We get this call three or four times a month. A homeowner in unincorporated Forsyth — Coal Mountain, Shady Grove, Ducktown, Brookwood — has spent the last six months looking at square-edged patios on Pinterest and quietly realizing none of them fit the shape of their actual yard. Their property line runs at an angle a GA-400 surveyor clearly enjoyed drawing. The house sits on fill behind a walkout basement. The back lawn rolls downhill toward a creek easement. A rectangular paver patio dropped into that yard looks like it landed there by accident.
Forsyth County is the fastest-growing county in Georgia for the past decade, and the subdivisions developers pushed through between 1995 and today account for roughly 85% of the housing stock. Many were cut out of foothill terrain rather than flattened farmland. That’s why we see so many 140-to-160-degree corners instead of clean 90s — the lot lines follow the topography, not the other way around. Curved paver patios aren’t a style choice in that context. They’re the only honest response to the geometry.
1. Why Forsyth Lots Don’t Want 90-Degree Patios
Before we cut a single paver, we pull the recorded plat. On a typical 30041 south-Forsyth subdivision lot — Bethelview, Post Road, Shoal Creek corridor — the back-yard polygon has five or six sides, not four. The side setback angles in to follow a drainage easement. The rear lot line kinks around an HOA-mandated tree-save buffer. The house itself is often rotated 10 to 15 degrees off the street grid to optimize southern exposure.
Drop a rectangle onto that geometry and you get three problems: wasted usable space in the corners, awkward grass slivers you can’t mow, and a patio edge that reads as an argument with the yard. A curved patio — one that echoes the property line or the house footprint — actually resolves the geometry. The eye stops hunting for the missing fourth corner.
We build the patio’s perimeter from one of three curve families, chosen per lot:
- Single-radius arc — one consistent radius (usually between 8 and 18 feet) sweeping from one house-wall anchor point to another. Simplest layout, cleanest cut pattern.
- Compound curve — two or more tangent arcs of different radii, blending so the edge shifts tension gradually across the patio. This is what mountain-view Coal Mountain lots usually need.

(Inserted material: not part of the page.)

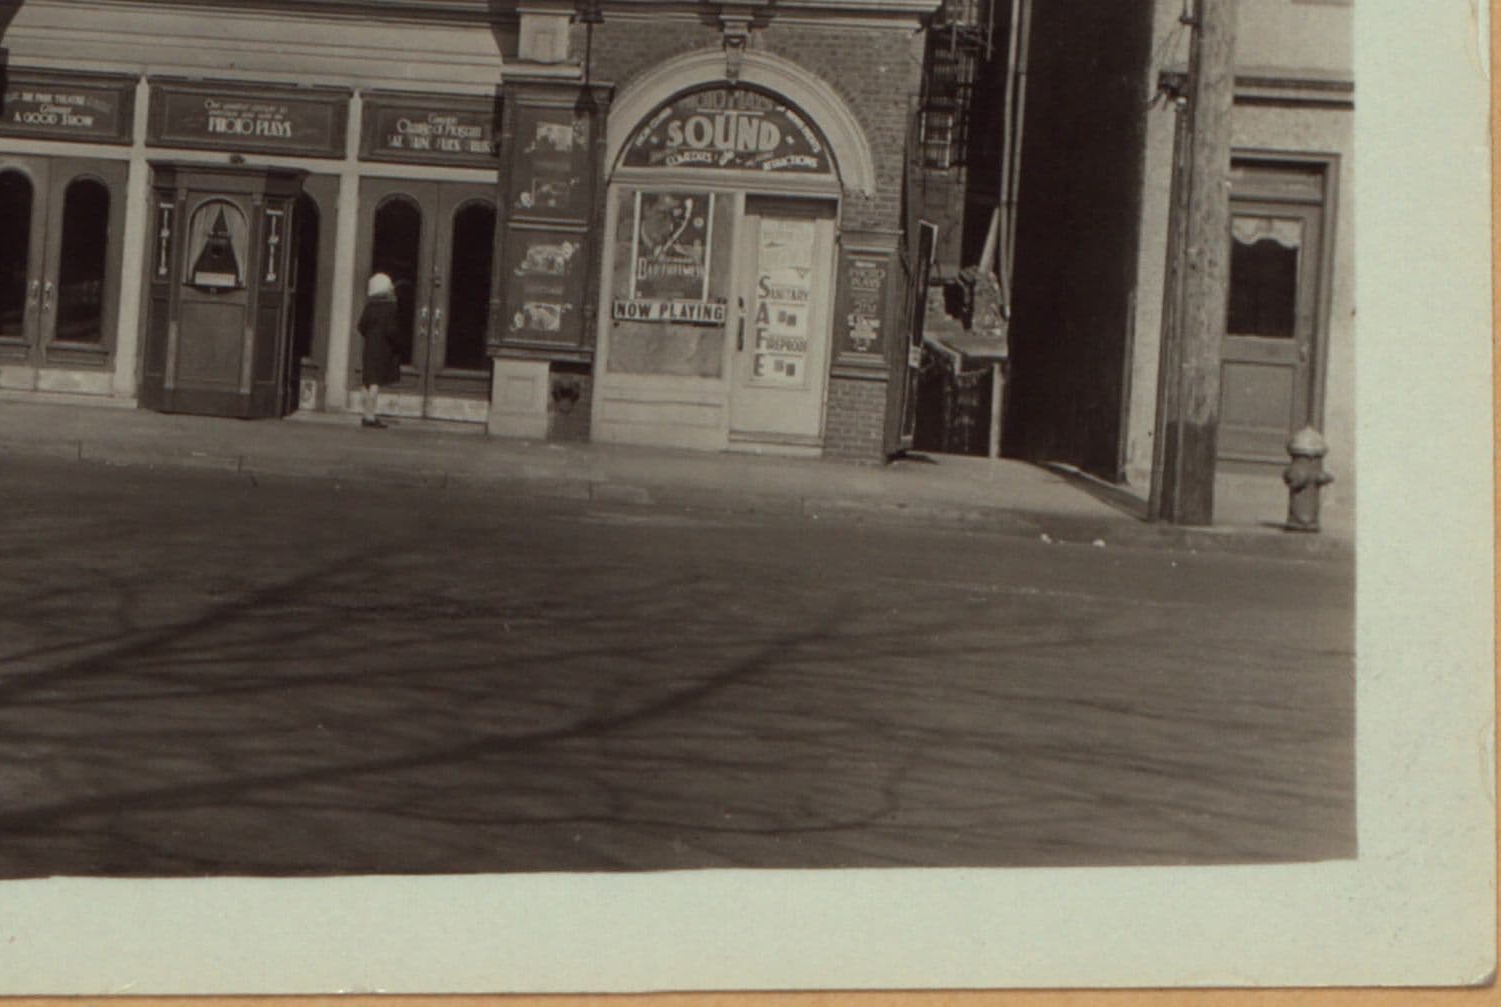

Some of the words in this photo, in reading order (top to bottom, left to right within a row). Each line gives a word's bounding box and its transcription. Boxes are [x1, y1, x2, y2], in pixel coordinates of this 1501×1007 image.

- Free-form spline — a flowing line laid out with a garden hose on site, then surveyed back onto paper. Feels organic but takes the most waste and the most layout time.
2. The Layout Day — How We Actually Draw the Curve
Layout on a curved patio is a field exercise, not a CAD export. We show up with a 100-foot steel tape, a bag of marking paint, wood stakes, and a 200-foot mason’s line. First move is a property-line-to-house tri-measurement to confirm the plat matches reality — in older 30028 north-Forsyth acreage tracts it often doesn’t, because a 1996 property pin has migrated six inches in three decades of freeze-thaw.
Then we find the curve’s center point. On a single-radius arc that’s literally a stake in the ground, with the mason’s line tied to it. One crew member walks the line out to the design radius and sprays paint every two feet — ten minutes later we have the entire arc marked on the lawn. Compound curves take two or three center stakes, each hit sequentially, blending at the tangent points.
This is the part clients don’t expect: we let the curve live on the lawn for 24 hours. The homeowner walks it at morning coffee, at sunset, from the master-bedroom window, from the kitchen sink. Ninety percent of the time the first drawn arc gets tightened or loosened by a foot or two after that sit-with-it period. Our foreman adjusts it before excavation starts. That one night of looking saves a five-figure change order later.
3. Compound Curves, Radius Math, and the Waste-Material Factor
Here’s the number every Forsyth homeowner eventually asks about: how much more paver do you have to buy for a curved patio versus a rectangular one? The honest answer — we’ll source roughly 18 to 25 percent more material for a curved layout, compared with the 8 to 12 percent standard overage on a rectangular patio.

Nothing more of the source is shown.